-- EXERCISE INPUT follows --
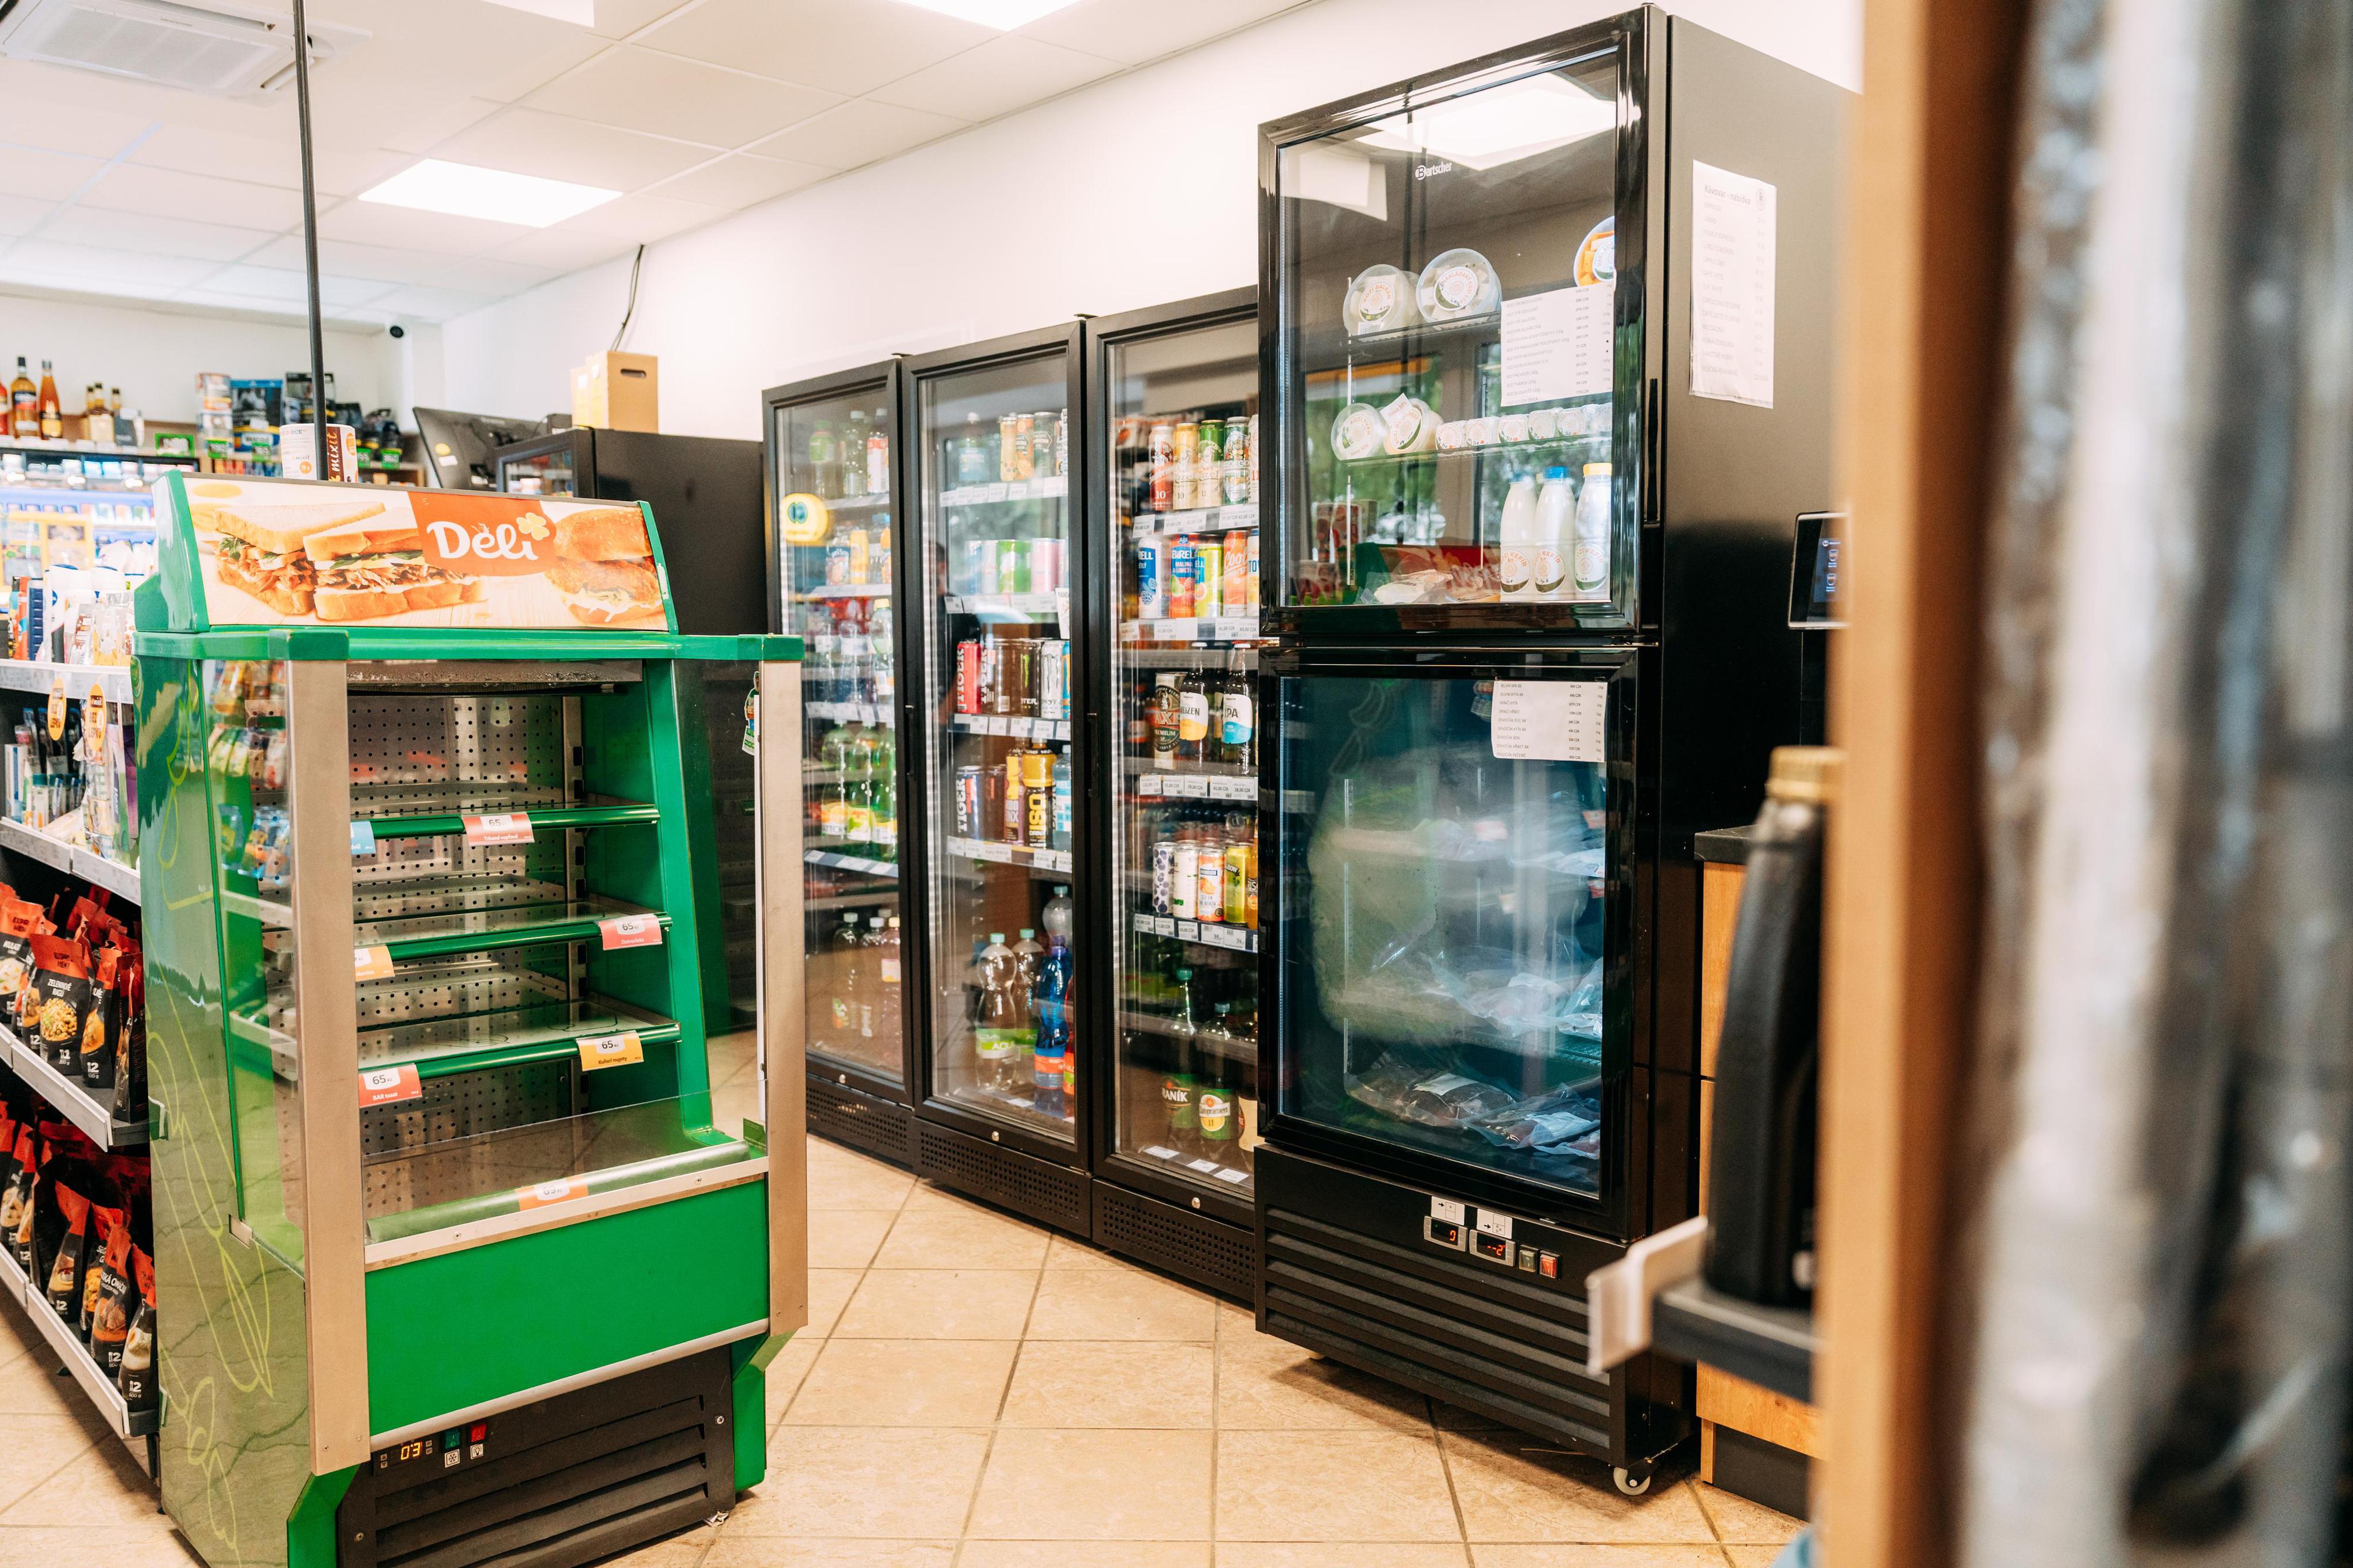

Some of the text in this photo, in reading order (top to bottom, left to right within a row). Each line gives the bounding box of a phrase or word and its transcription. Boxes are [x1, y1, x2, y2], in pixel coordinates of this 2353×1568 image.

[1415, 161, 1452, 181] Bartscher
[1155, 491, 1166, 499] 10
[1224, 708, 1238, 718] IPA
[956, 778, 967, 833] TIGER
[488, 819, 502, 827] 65
[30, 1035, 40, 1045] 12
[601, 1040, 614, 1049] 65
[87, 1062, 99, 1073] 12
[372, 1074, 386, 1085] 65
[372, 1093, 385, 1102] BAR
[1162, 1087, 1188, 1102] RANÍK
[56, 1300, 68, 1310] 12
[108, 1352, 121, 1363] 12
[129, 1380, 142, 1393] 12
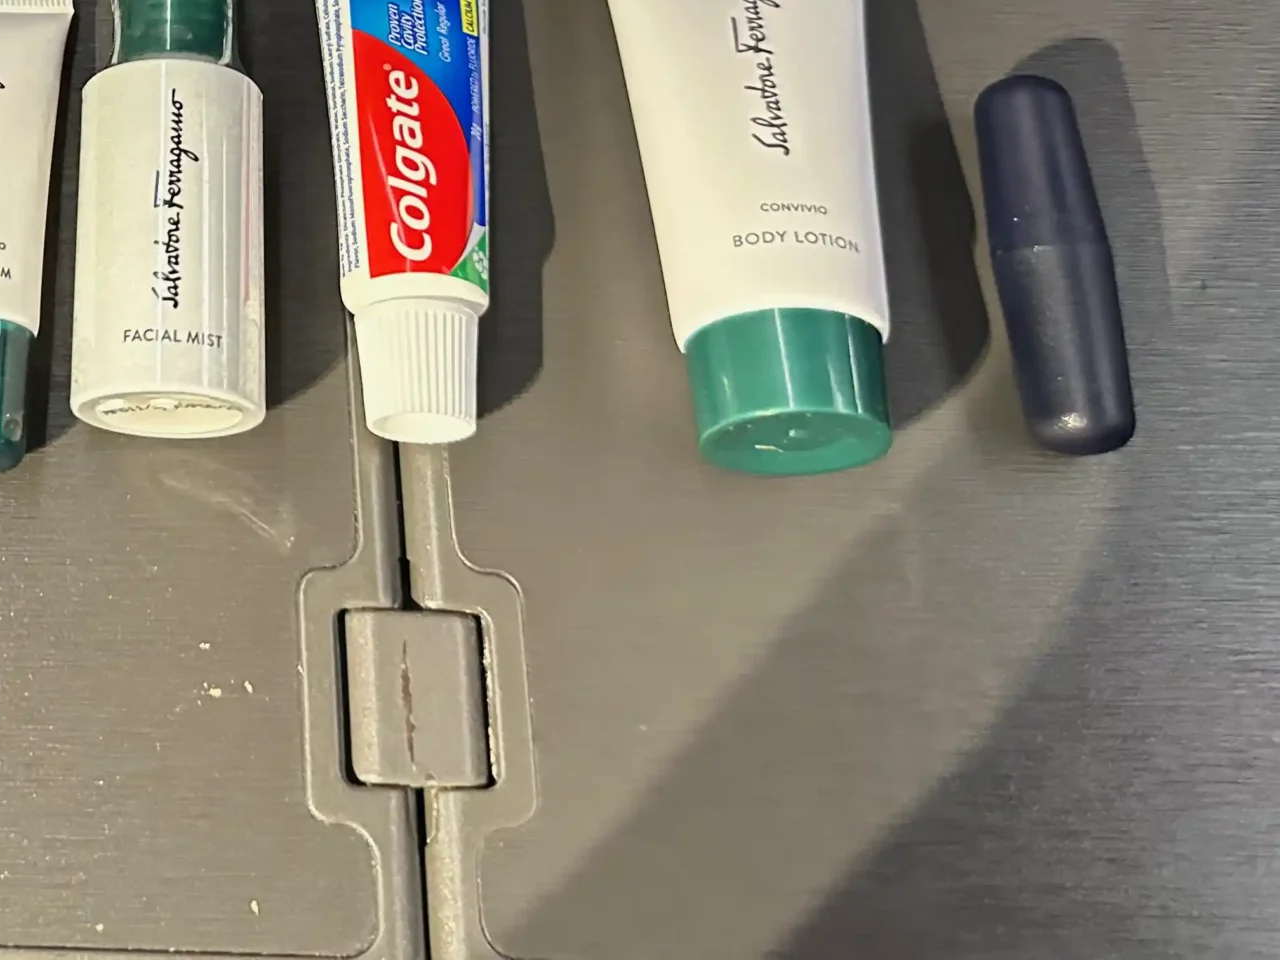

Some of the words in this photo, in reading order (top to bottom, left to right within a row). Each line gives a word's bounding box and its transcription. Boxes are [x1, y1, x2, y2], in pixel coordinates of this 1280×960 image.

[388, 4, 401, 45] Proven
[401, 14, 413, 49] Cavity
[436, 2, 452, 33] Regular
[464, 0, 475, 32] CALCIUM
[439, 37, 451, 62] Great
[467, 37, 478, 70] FLUORIDE
[744, 57, 790, 156] Salvatore
[154, 88, 198, 209] Ferragamo
[760, 203, 827, 215] CONVIVIO
[733, 230, 787, 247] BODY
[794, 230, 860, 253] LOTION
[152, 212, 180, 308] Salvatore
[123, 329, 181, 343] FACIAL
[187, 331, 222, 348] MIST
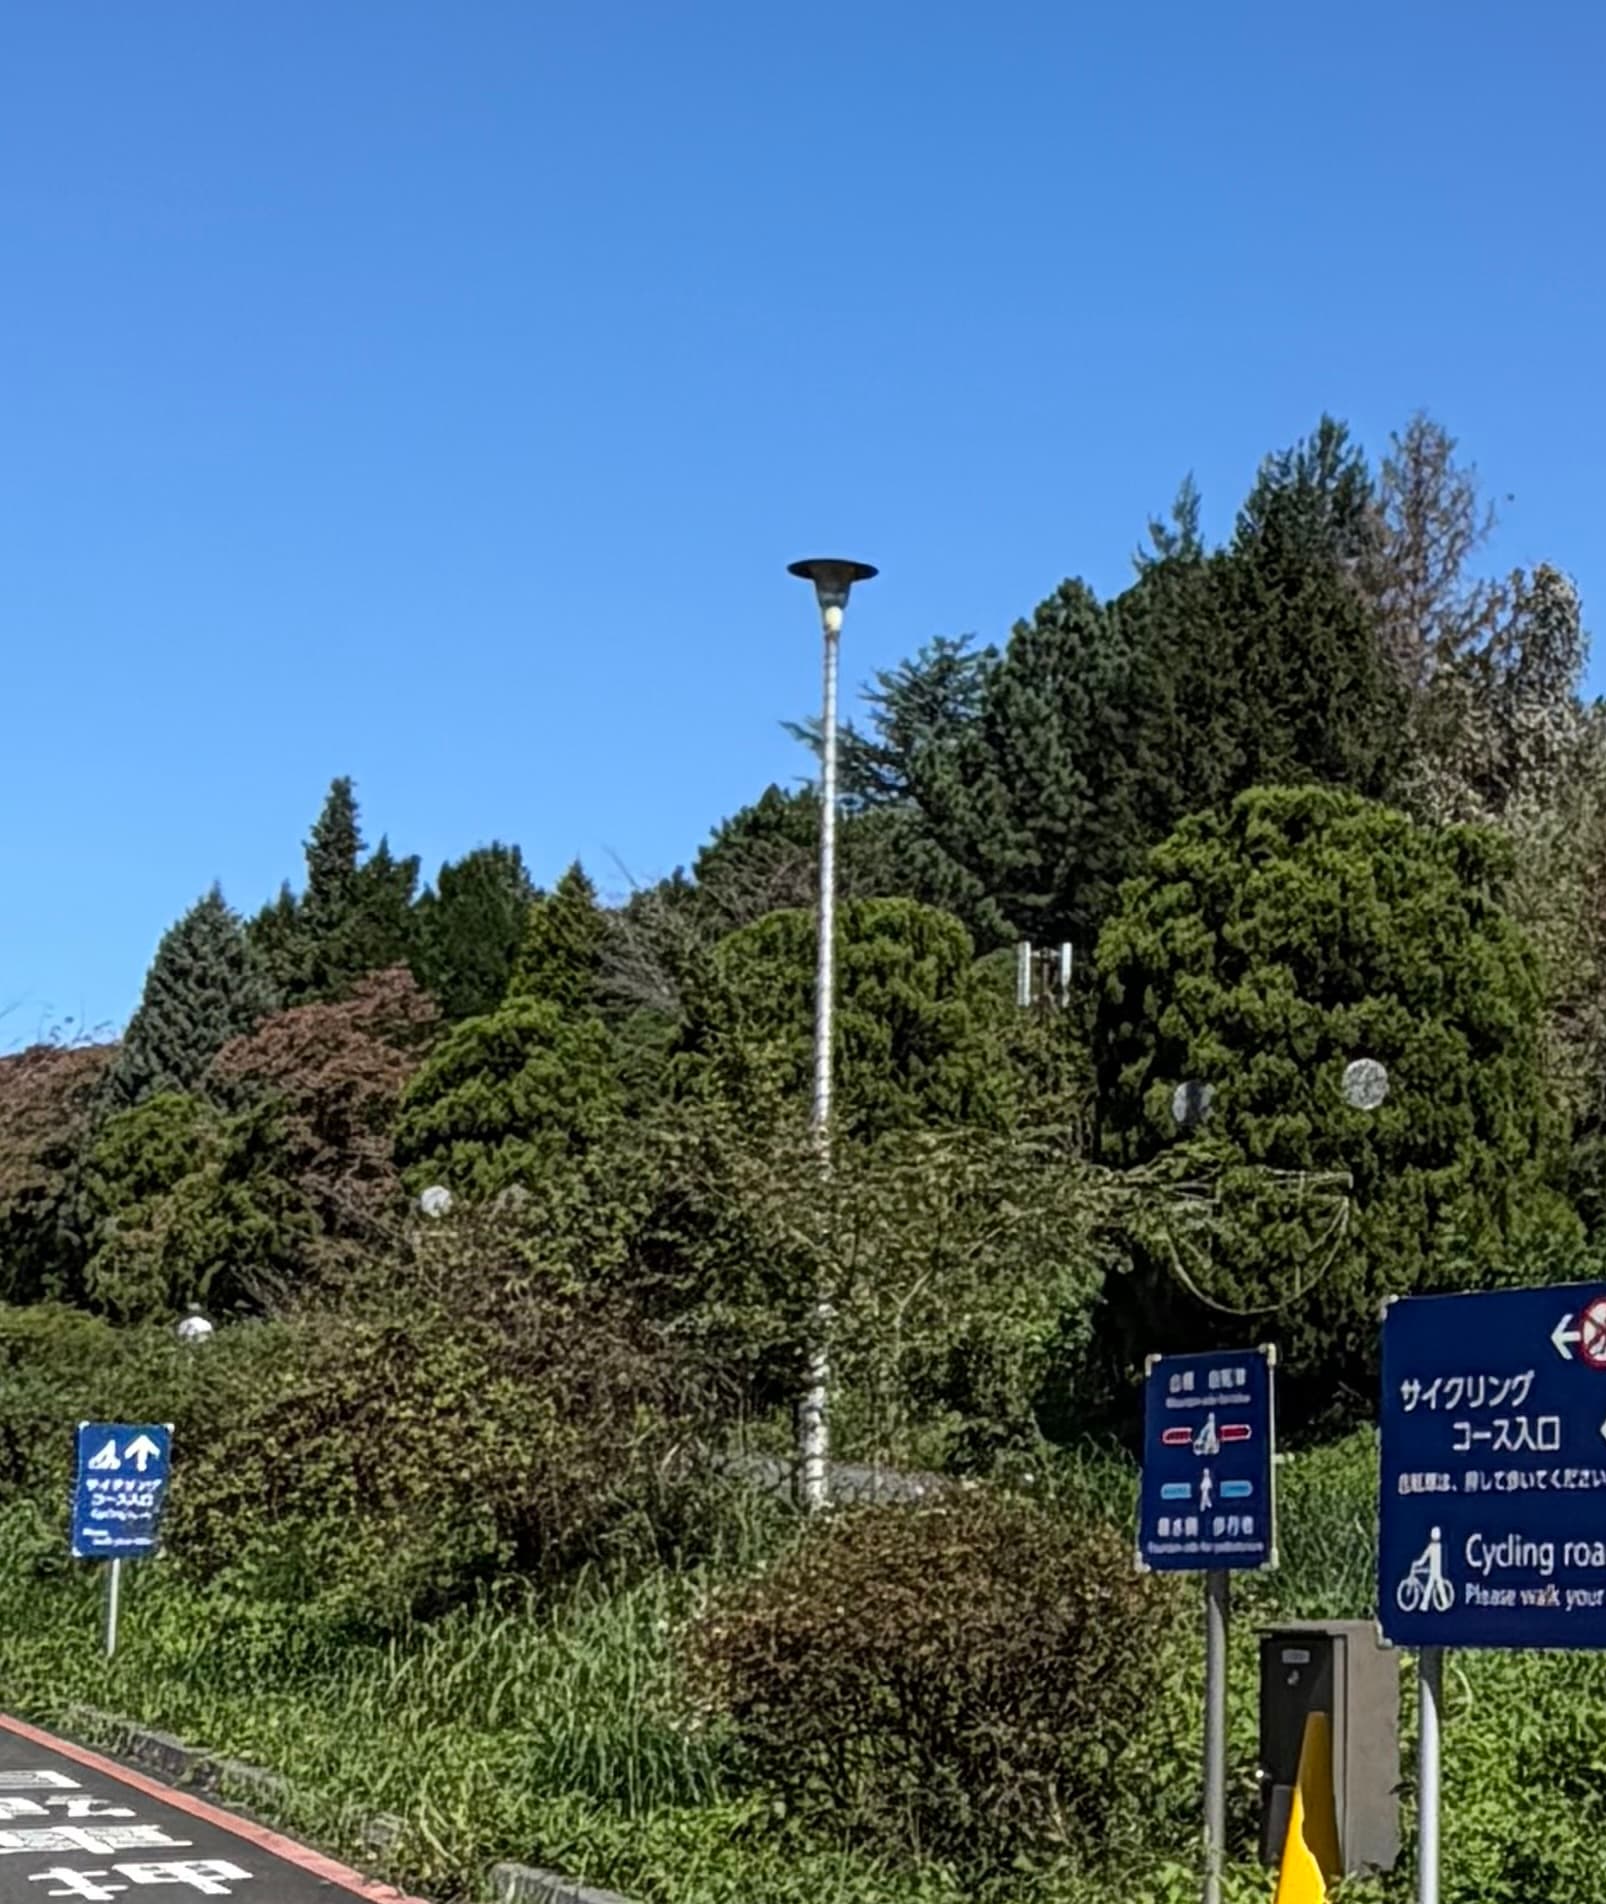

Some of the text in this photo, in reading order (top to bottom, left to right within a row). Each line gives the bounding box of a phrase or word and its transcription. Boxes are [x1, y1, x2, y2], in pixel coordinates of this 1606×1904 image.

[1399, 1369, 1536, 1412] サイクリング
[1451, 1415, 1561, 1453] コース入口
[1465, 1532, 1555, 1576] Cycling
[1465, 1581, 1516, 1606] Please
[1519, 1583, 1561, 1607] walk
[1565, 1588, 1605, 1612] your
-- EXERCISE INPUT concluded --
→ **WHAT IS EXPECTED**: Give back the records above exactly. Pictures stay out.

→ **ANSWER SPACE**:
Some of the text in this photo, in reading order (top to bottom, left to right within a row). Each line gives the bounding box of a phrase or word and its transcription. Boxes are [x1, y1, x2, y2], in pixel coordinates of this 2353×1568 image.

[1415, 161, 1452, 181] Bartscher
[1155, 491, 1166, 499] 10
[1224, 708, 1238, 718] IPA
[956, 778, 967, 833] TIGER
[488, 819, 502, 827] 65
[30, 1035, 40, 1045] 12
[601, 1040, 614, 1049] 65
[87, 1062, 99, 1073] 12
[372, 1074, 386, 1085] 65
[372, 1093, 385, 1102] BAR
[1162, 1087, 1188, 1102] RANÍK
[56, 1300, 68, 1310] 12
[108, 1352, 121, 1363] 12
[129, 1380, 142, 1393] 12

Some of the words in this photo, in reading order (top to bottom, left to right within a row). Each line gives a word's bounding box and its transcription. Boxes are [x1, y1, x2, y2], in pixel coordinates of this 1280×960 image.

[388, 4, 401, 45] Proven
[401, 14, 413, 49] Cavity
[436, 2, 452, 33] Regular
[464, 0, 475, 32] CALCIUM
[439, 37, 451, 62] Great
[467, 37, 478, 70] FLUORIDE
[744, 57, 790, 156] Salvatore
[154, 88, 198, 209] Ferragamo
[760, 203, 827, 215] CONVIVIO
[733, 230, 787, 247] BODY
[794, 230, 860, 253] LOTION
[152, 212, 180, 308] Salvatore
[123, 329, 181, 343] FACIAL
[187, 331, 222, 348] MIST

Some of the text in this photo, in reading order (top to bottom, left to right within a row). Each line gives the bounding box of a phrase or word and its transcription. Boxes are [x1, y1, x2, y2], in pixel coordinates of this 1606×1904 image.

[1399, 1369, 1536, 1412] サイクリング
[1451, 1415, 1561, 1453] コース入口
[1465, 1532, 1555, 1576] Cycling
[1465, 1581, 1516, 1606] Please
[1519, 1583, 1561, 1607] walk
[1565, 1588, 1605, 1612] your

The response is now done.